I wasn’t a huge fan of my understanding of God. It seemed to me that no matter how hard life was, no matter how much I prayed, neither my loved ones nor I could catch a break. I started to think “My God, how bad was I that NONE of my flipping prayers could be answered??” So I didn’t know what to make of things.

Throughout my life I’ve searched for answers, for meaning, to settle into my place in this world. I have always approached the world through an intellectual framework–I think through my life. I can intellectualize and rationalize anything. It’s only been recently that I’ve started to learn to feel my way through life and trust my gut. It’s really hard for me. Because one feeling is pain. And it hurts.

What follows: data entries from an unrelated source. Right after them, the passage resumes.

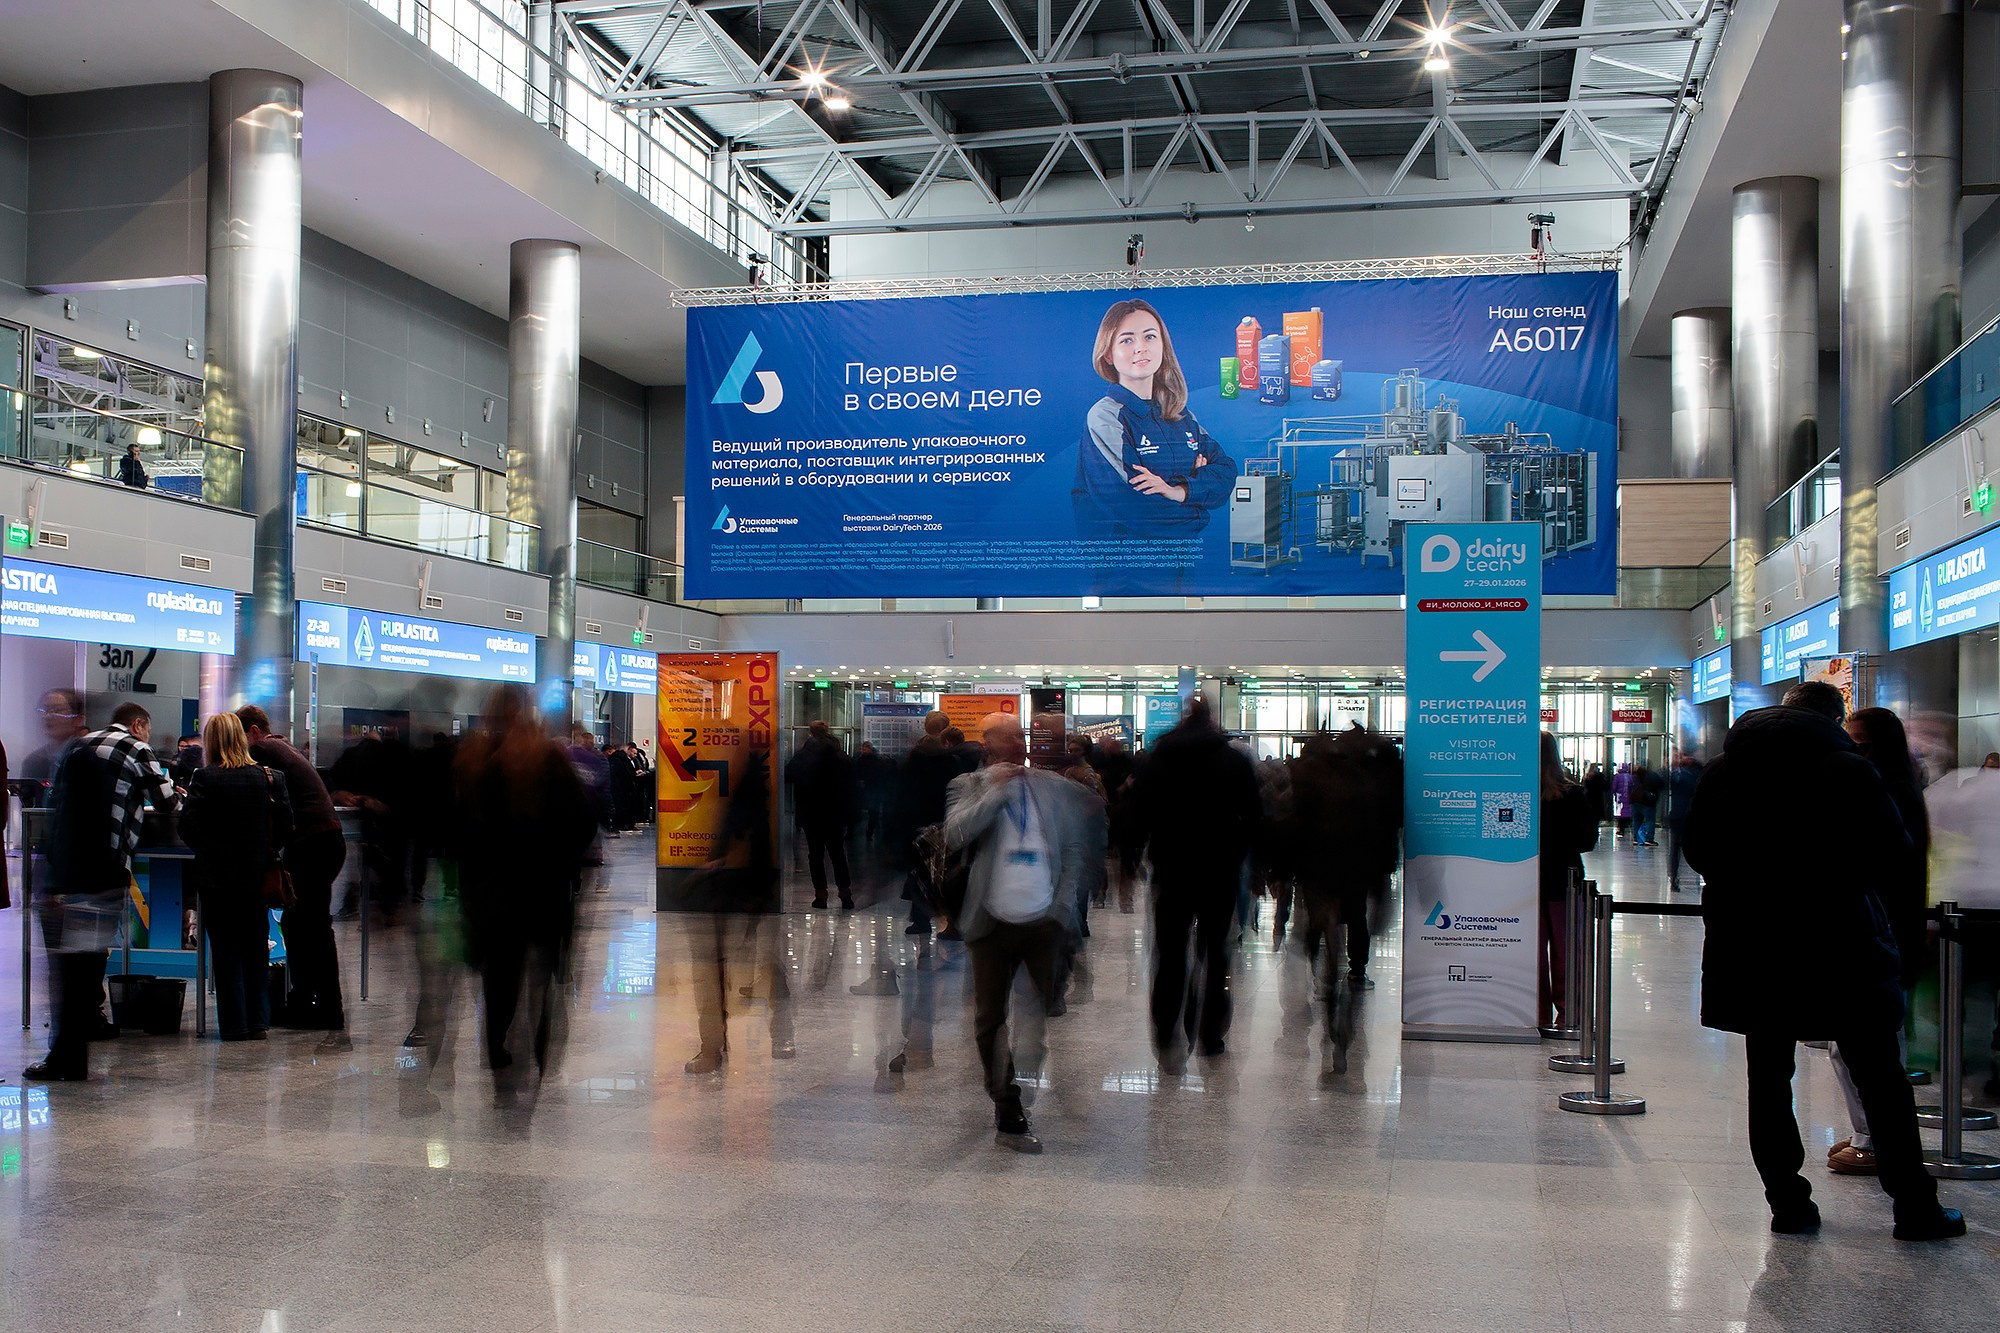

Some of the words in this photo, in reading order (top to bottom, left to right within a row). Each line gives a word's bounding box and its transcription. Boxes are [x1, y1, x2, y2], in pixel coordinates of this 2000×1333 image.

[1488, 305, 1528, 319] Наш
[1533, 305, 1586, 319] стенд
[1488, 325, 1585, 352] А6017
[845, 362, 957, 390] Первые
[844, 395, 858, 411] в
[868, 391, 960, 410] своем
[968, 388, 1042, 411] деле
[712, 438, 782, 454] Ведущий
[786, 437, 907, 453] производитель
[911, 435, 1026, 451] упаковочного
[712, 456, 802, 470] материала,
[807, 454, 894, 468] поставщик
[899, 451, 1045, 467] интегрированных
[711, 474, 780, 489] решений
[785, 477, 794, 486] в
[798, 472, 914, 488] оборудовании
[918, 473, 928, 483] и
[932, 470, 1011, 486] сервисах
[739, 517, 799, 526] Упаковочные
[843, 513, 897, 522] Генеральный
[898, 513, 933, 522] партнер
[738, 525, 779, 533] Системы
[843, 524, 881, 532] выставки
[883, 523, 922, 533] DairyTech
[923, 522, 943, 531] 2026
[1466, 537, 1527, 564] dairy
[1466, 557, 1512, 572] tech
[1937, 546, 1986, 587] RUPLASTICA
[1464, 579, 1527, 587] 27-29.01.2026
[147, 590, 223, 615] ruplastica.ru
[1426, 601, 1521, 610] #И_МОЛОКО_И_МЯСО
[380, 620, 439, 643] RUPLASTICA
[99, 644, 134, 670] Зал
[1161, 700, 1178, 709] dairy
[1419, 699, 1527, 711] РЕГИСТРАЦИЯ
[1419, 712, 1527, 724] ПОСЕТИТЕЛЕЙ
[1618, 710, 1646, 719] ВЫХОД
[1077, 718, 1121, 732] Полимерный
[683, 728, 697, 747] 2
[703, 735, 740, 746] 2026
[1449, 739, 1497, 749] VISITOR
[1429, 751, 1516, 761] REGISTRATION
[1423, 789, 1476, 800] DairyTech
[1454, 915, 1520, 924] Упаковочные
[1454, 923, 1497, 931] Системы

It should come as no surprise then that my search for spiritual meaning and nourishment was couched in intellectual pursuits. I looked for answers through history, facts, dogma. What did the synod say about that? I tried to understand intellectually. I compared religions, tried to understand religions’ places in the history of world civilization. All interesting, but not all that helpful for me.

Things started to shift for me a few years ago as I began to live more mindfully. And slowly, I discovered kindness and grace and forgiveness and mercy in my life.
But I still fight religion. Yet I rediscovered God in Glennon. I love her God. He is a kind, forgiving, loving God. This God makes me cry. Good tears. It is this loving God that resonates with me. But I’m still afraid. Of what, I don’t know. Perhaps I’m afraid to believe wholeheartedly that I am worthy and good enough to be the recipient of unconditional and lasting and forgiving love. Perhaps I’m afraid of surrendering and trusting. Perhaps…well, I don’t know. I’m running out of reasons.

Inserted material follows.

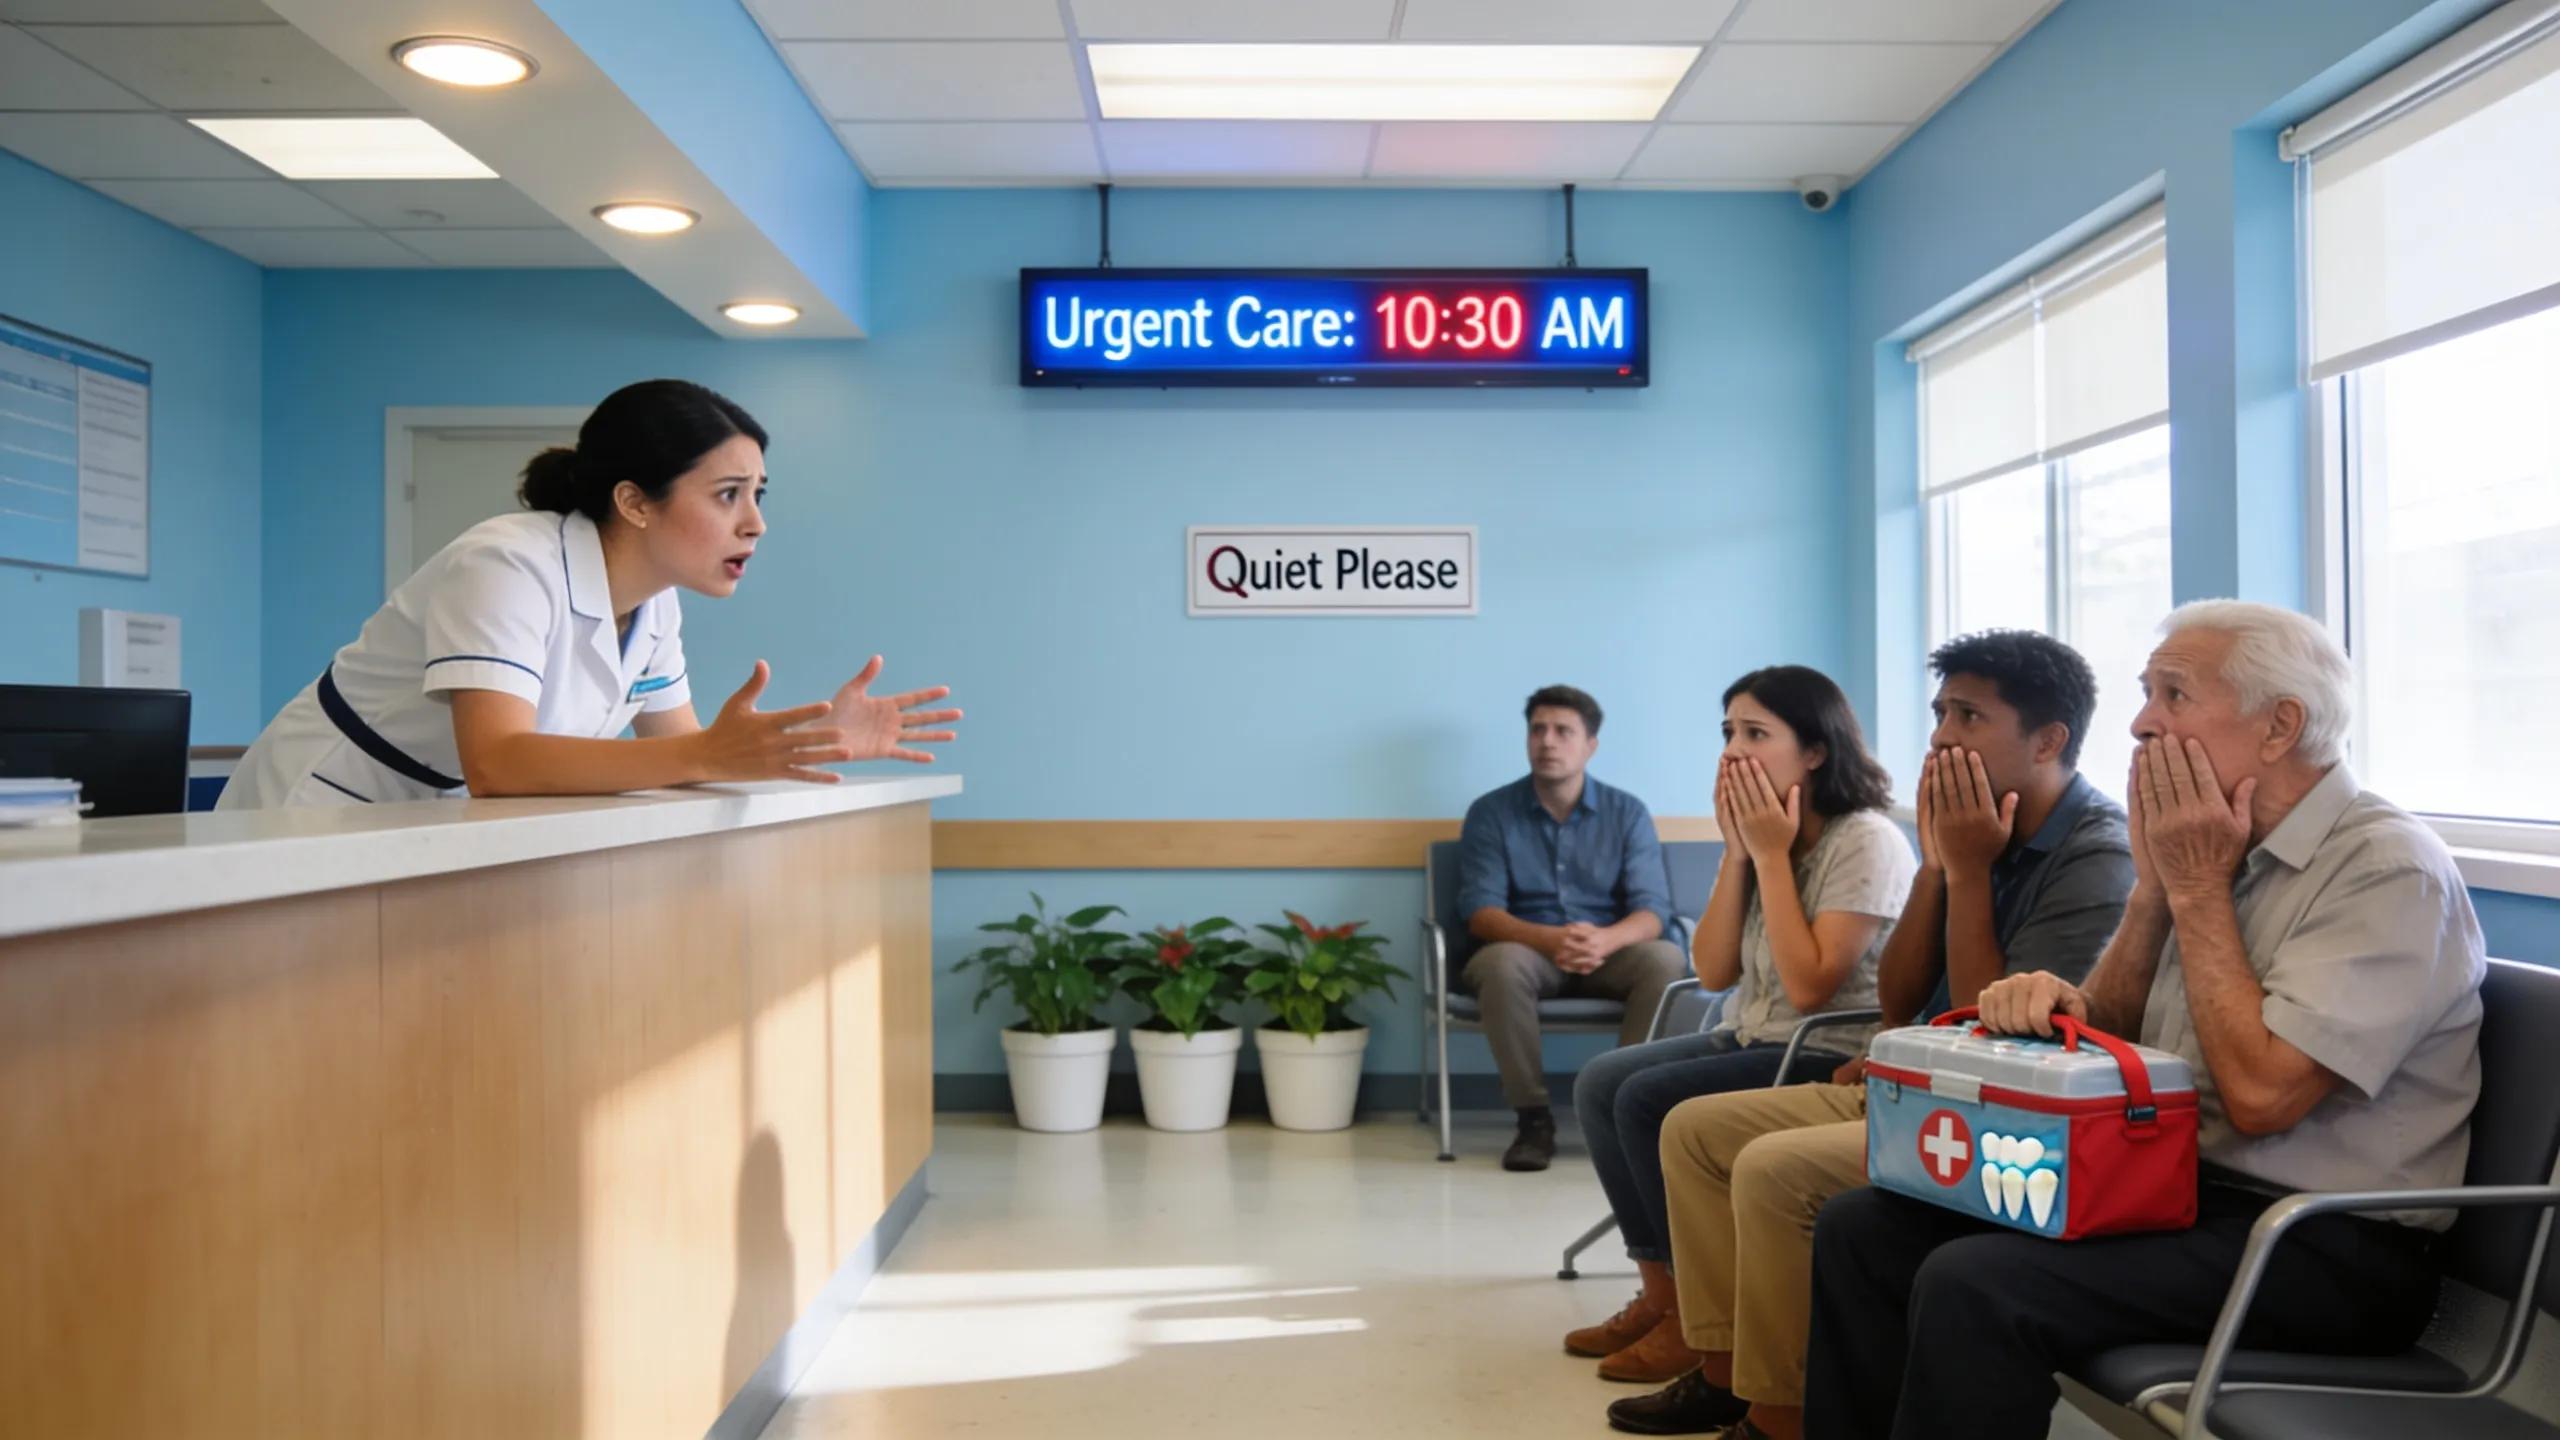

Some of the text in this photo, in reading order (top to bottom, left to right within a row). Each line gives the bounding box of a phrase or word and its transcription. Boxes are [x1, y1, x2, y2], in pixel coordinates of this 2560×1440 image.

[1045, 295, 1624, 361] Urgent Care: 10:30 AM
[1206, 545, 1458, 598] Quiet Please

So in a moment recently of feeling bruised and shaky and unsure, and just not good, I went to the place that helps me think and settle. I sat on the beach. With God. He likes the beach too. And in my moments of flailing about through life, I tried accepting the concept that God has been waiting patiently for me to stop flapping my arms about being hysterical. I tried accepting that perhaps preschool lessons generalize through life–that I get what I get and I don’t get upset, instead of expecting to get the desired outcome of any specific prayer or plea. We had a good time on the beach, God and I, getting reacquainted.

I have always had a reverent respect for God, but never FELT Him like I’ve heard people describe. I believed, but in a detached and matter-of-fact way. So when I started living more mindfully, my friend said I was having a spiritual awakening. I bristled and denied it. I was meditating, I told her! Now I understand.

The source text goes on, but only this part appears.